Through it all Stewart invested the character with all the emotional truth you’d expect from a former RSC player who’s bagged a Laurence Olivier Award or two. 2017’s Logan proved he’s unafraid to revisit a signature role and mine something deeper and darker – his final turn as Professor X, the mutant leader’s mental brilliance now corroded by dementia, is astonishing, and if there’s a touch of that unflinchingly raw performance in the older, guilt-broken Picard then we’re in for electrifying viewing.
Stewart may be Star Trek: Picard’s key weapon but he’s not alone. While the show teams Jean-Luc with a new, mismatched crew of renegades – Romulans and ex-Starfleet officers, including Daredevil’s Michelle Hurd as a character who shares an untold history with Picard – it also returns some 24th Century icons to the screen. Jonathan Frakes and Marina Sirtis encore as Riker and Troi while, more tantalizingly, Brent Spiner is back as the allegedly deceased Data. Dream? Hallucination? Reassembly job in Picard’s shed? No one’s saying, though Spiner has revealed “Data’s story is a part of the thread of the show.”
Also resurrected are the Borg, in a storyline that promises fresh twists on the hive-minded menace that gave The Next Generation its defining foe. Jonathan Del Arco plays Hugh, first seen in 1992 episode “I Borg”, while Star Trek: Voyager’s Jeri Ryan returns as Seven of Nine, now assimilating into humanity. “She is not the same Seven,” Ryan recently told Digital Spy. “She is much more human. She’s been on Earth for a long time, she has been through a lot.” The presence of the Borg is an intriguing part of the show’s status quo: will Picard be triggered or has he finally conquered his resistance-crushing techno-demons?

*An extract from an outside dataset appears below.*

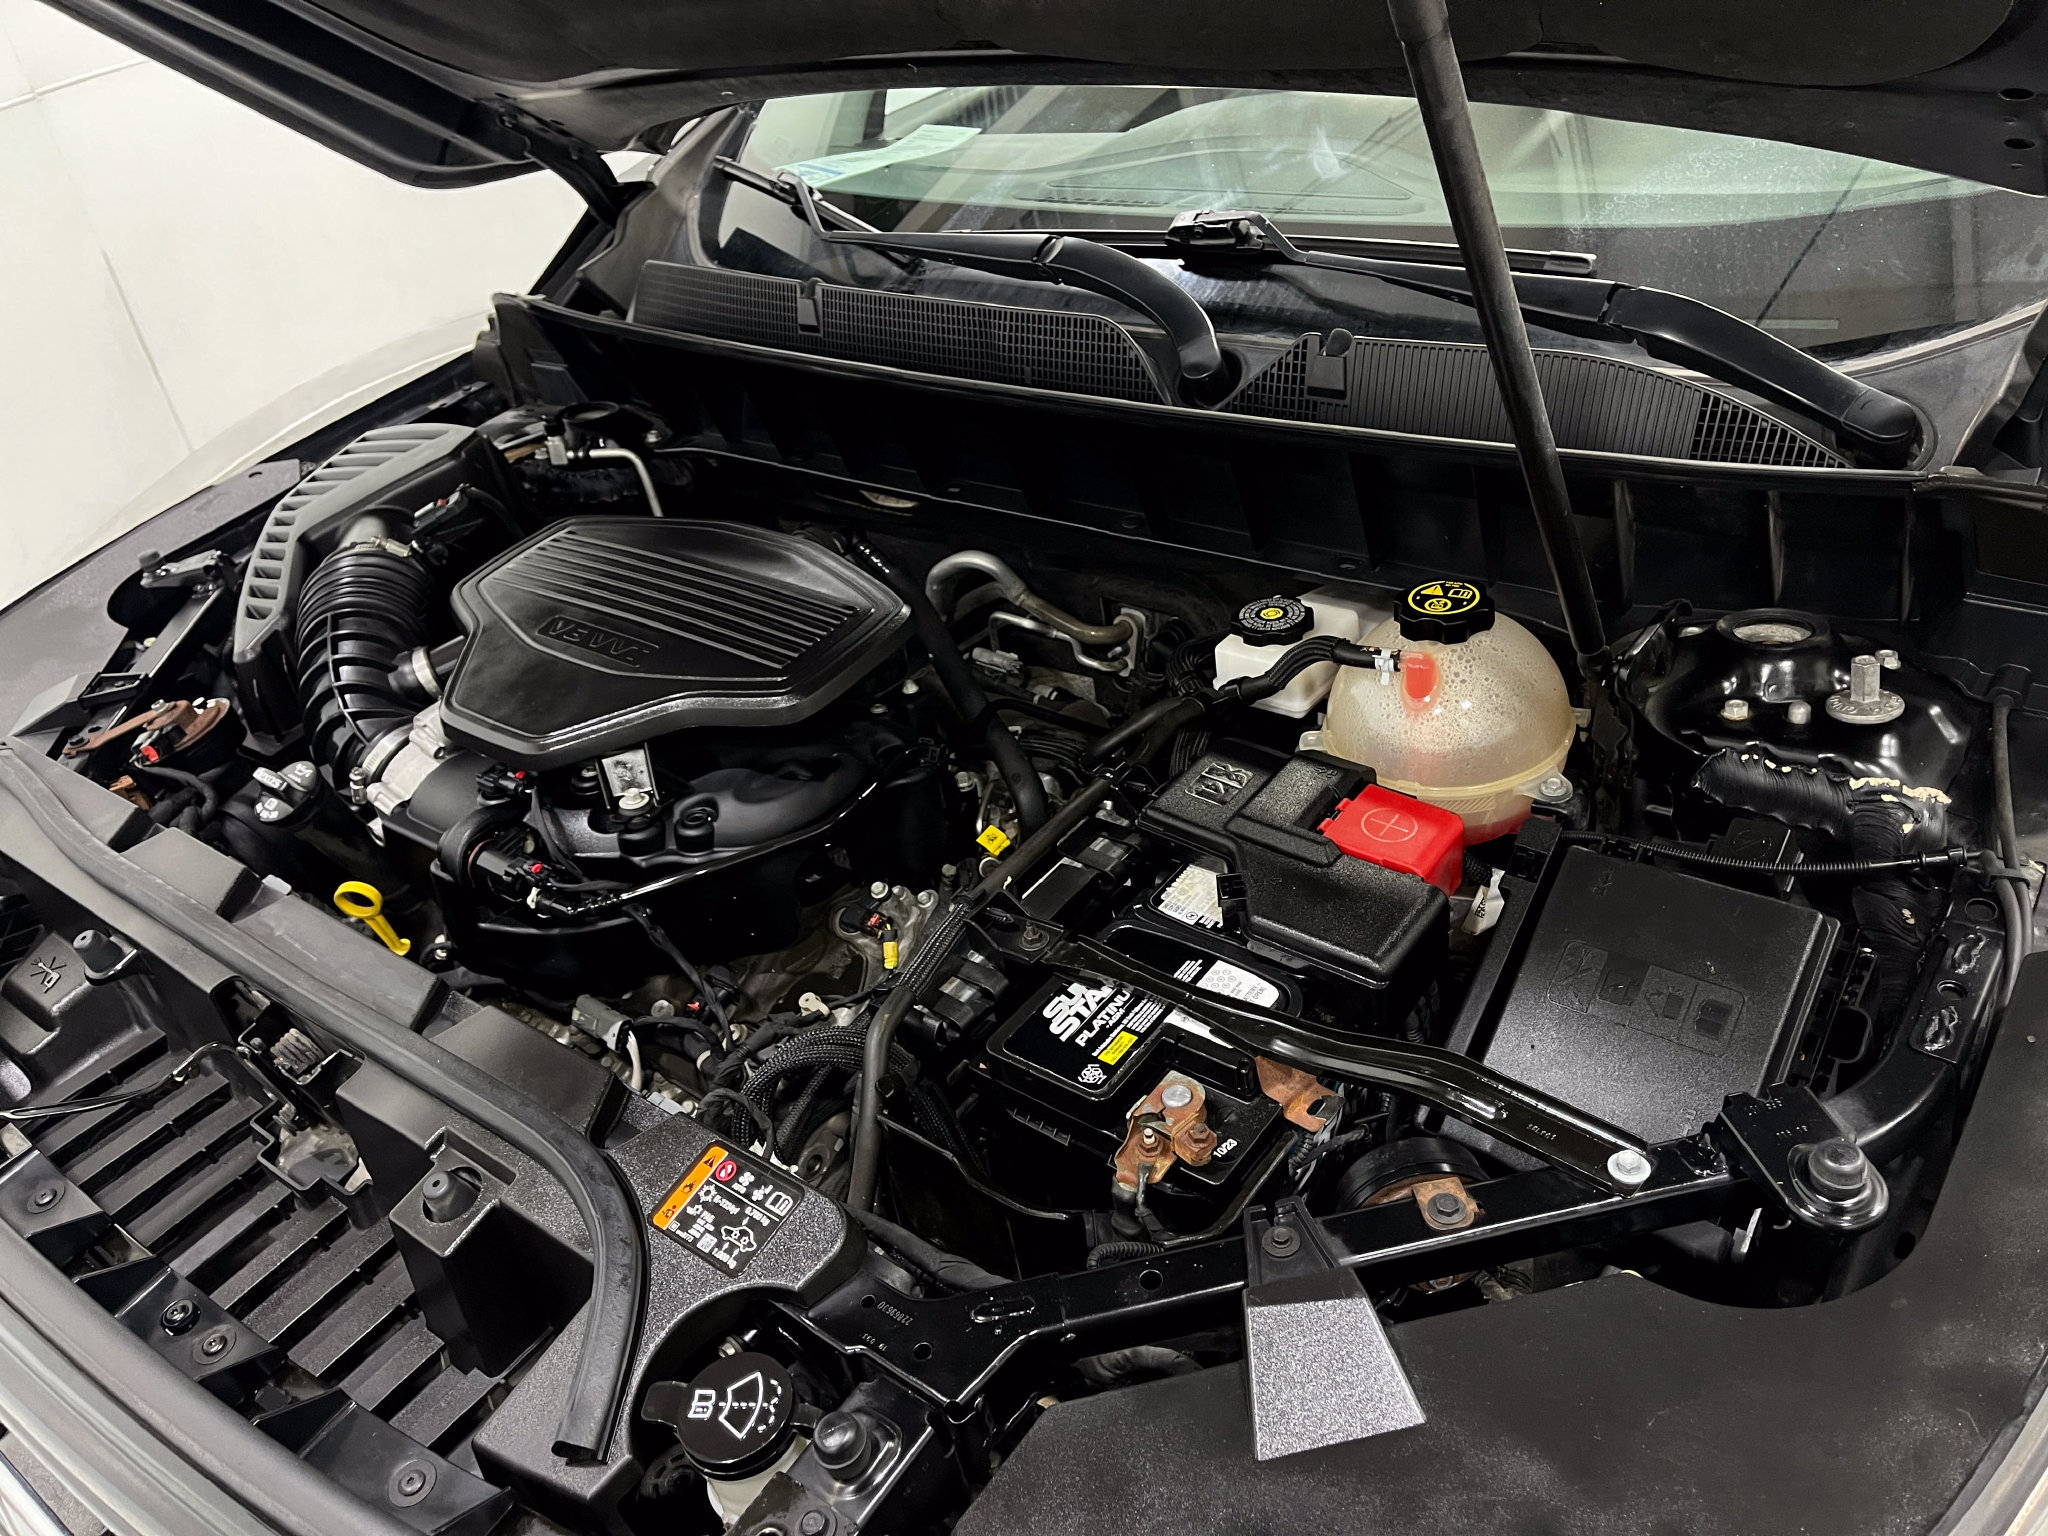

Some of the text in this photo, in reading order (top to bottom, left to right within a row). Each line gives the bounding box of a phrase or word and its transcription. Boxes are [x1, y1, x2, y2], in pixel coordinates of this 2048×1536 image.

Above all Star Trek: Picard promises to do what classic Trek did best – weaponize the present to tell a tale of the future. That was Gene Roddenberry’s essential mission, after all, to smuggle contemporary hot-button issues beneath the cloaking device of sci-fi. And with its apparently isolationist Federation and morally challenging humanitarian dilemmas, this is very much the 21st Century reflected in the 24th. As Stewart told Variety, this aspect of the series “was me responding to the world of Brexit and Trump and feeling ‘Why hasn’t the Federation changed? Why hasn’t Starfleet changed?’ Maybe they’re not as reliable and trustworthy as we thought.”
Let’s hope it shows us a positive way to navigate the present.
Star Trek: Picard begins on CBS All Access on January 23 in the US, and on Amazon Prime internationally from January 24.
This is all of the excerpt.